According to 'Tribe,' how does social support relate to PTSD recovery?
In Tribe, Junger argues that social support predicts long-term PTSD outcomes more reliably than the severity of trauma itself. This shifts the focus from cataloging battle wounds to understanding what happens during reintegration at home. Junger contends that the real wound is often what's missing in a veteran's social environment—inadequate communal belonging and support networks—rather than what happened in combat. The book demonstrates that improving reintegration through stronger social structures matters more than clinical treatment of symptoms alone.

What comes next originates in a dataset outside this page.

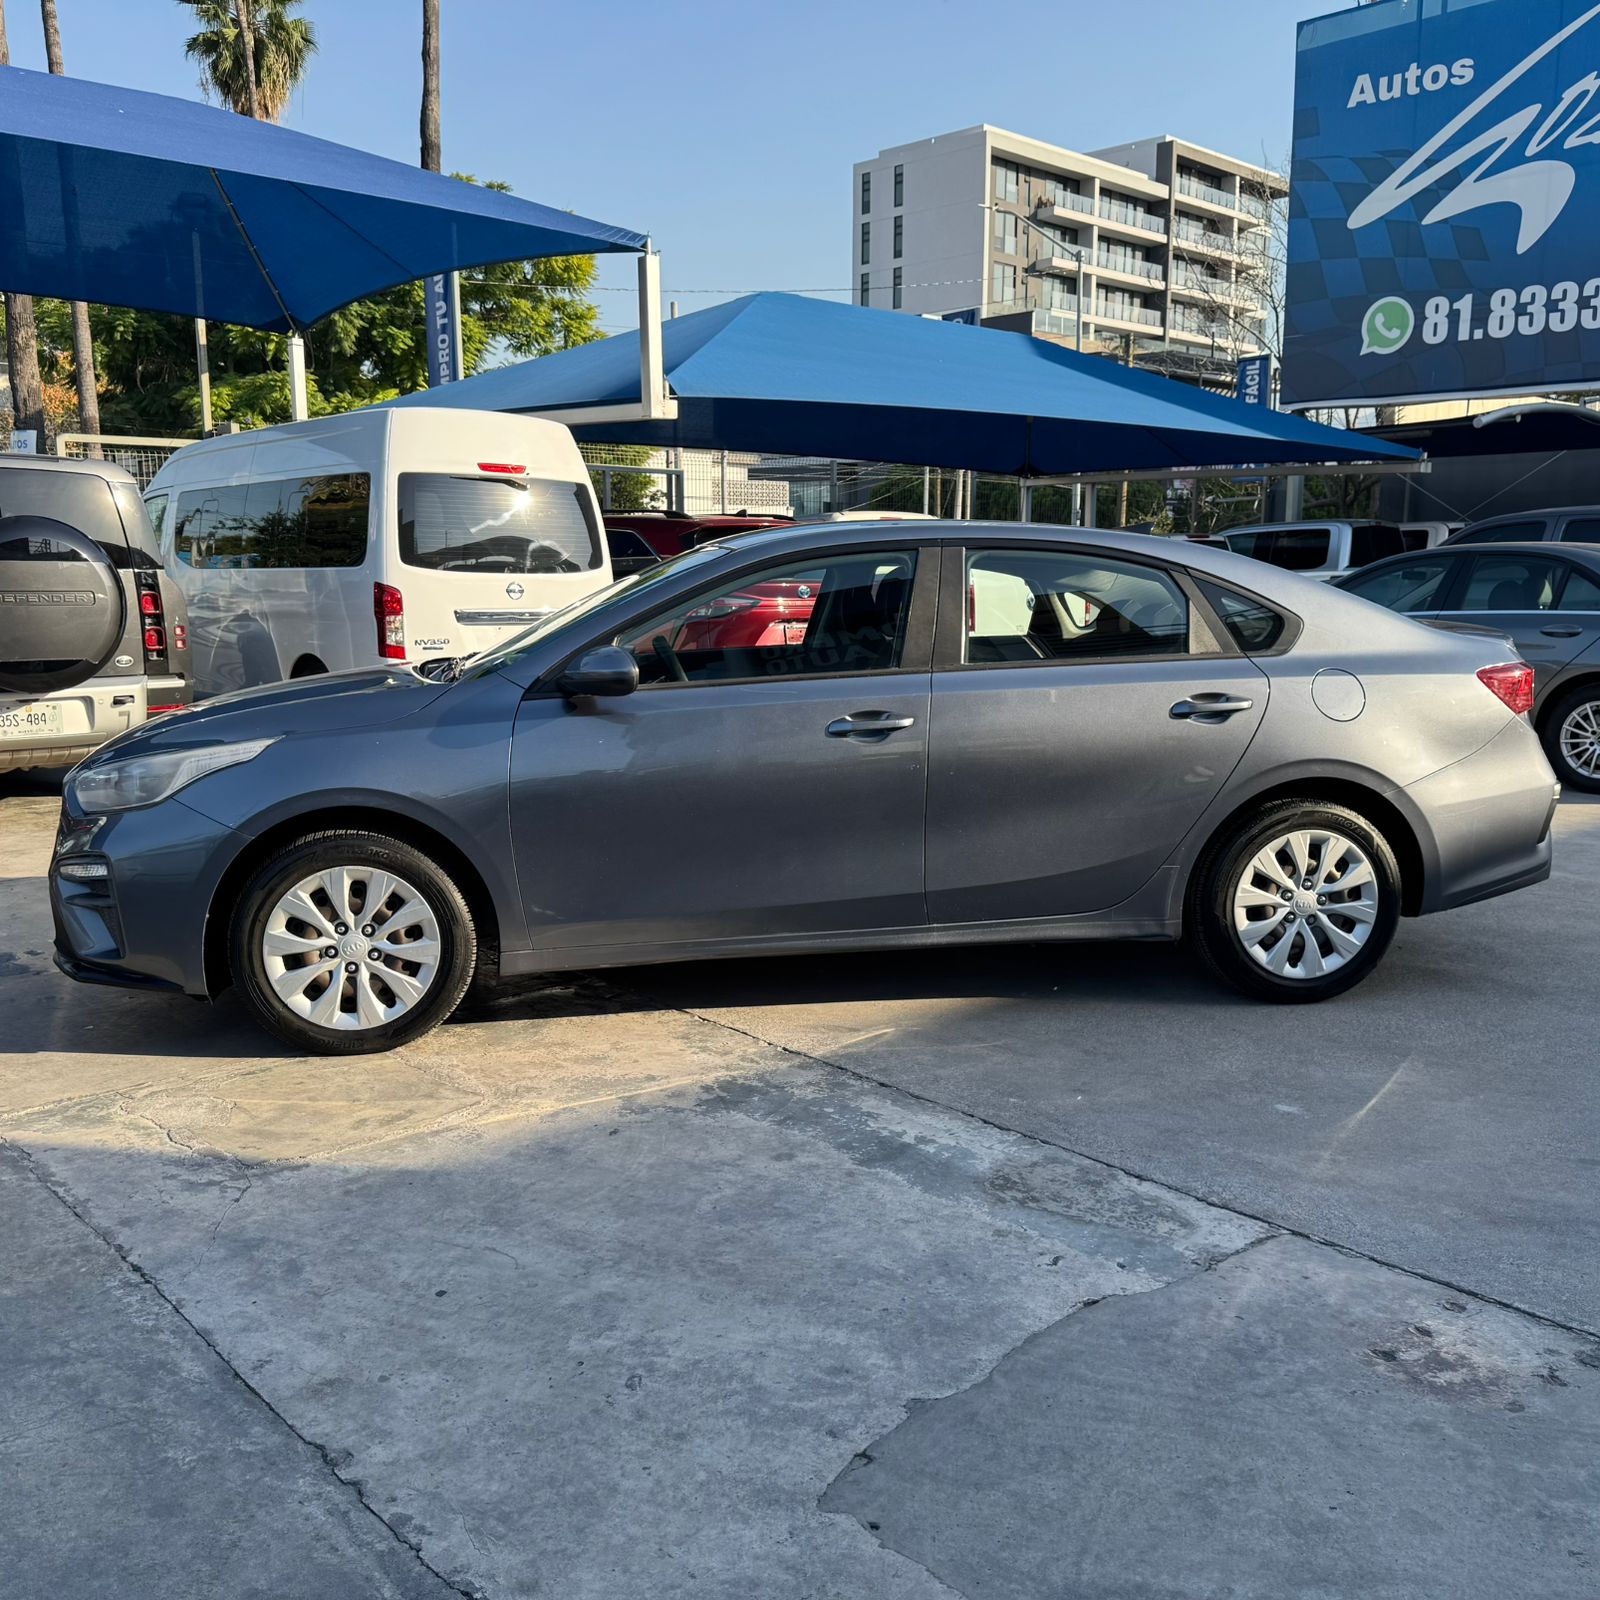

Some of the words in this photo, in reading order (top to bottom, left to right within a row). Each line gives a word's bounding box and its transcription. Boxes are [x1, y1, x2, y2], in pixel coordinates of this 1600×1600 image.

This insight challenges conventional trauma psychology and reframes recovery as fundamentally social, not merely medical.
What does 'Tribe' reveal about human evolutionary needs and modern life?
Humans evolved for bands of roughly 50 people with enforced sharing, constant companionship, and mutual necessity, Junger argues in Tribe. Isolation and individualism aren't humanity's natural state—they're a recent experiment, and the mental health data shows poor results. The experience of being necessary to others is a psychological requirement, not a lifestyle preference. Modern society has systematically optimized mutual necessity out of daily life, and the consequences appear as depression, suicide rates, and alienation that rise with affluence. This creates a paradox: societies get richer and more depressed.
Why does 'Tribe' argue that crises and disasters can improve mental health?
Junger argues that disasters and crises produce measurably better mental health outcomes not despite their danger but because they temporarily restore communal interdependence. When external hardship makes mutual necessity visible, people experience the social structures they've lost in peace. This reframes the conventional goal of eliminating hardship—instead, Tribe suggests the real objective should be preserving the social bonds that shared adversity creates. However, Junger emphasizes that tribal belonging is constituted by sacrifice and obligation, not proximity or identity, making reconstruction possible even in modern life for those willing to commit to mutual interdependence.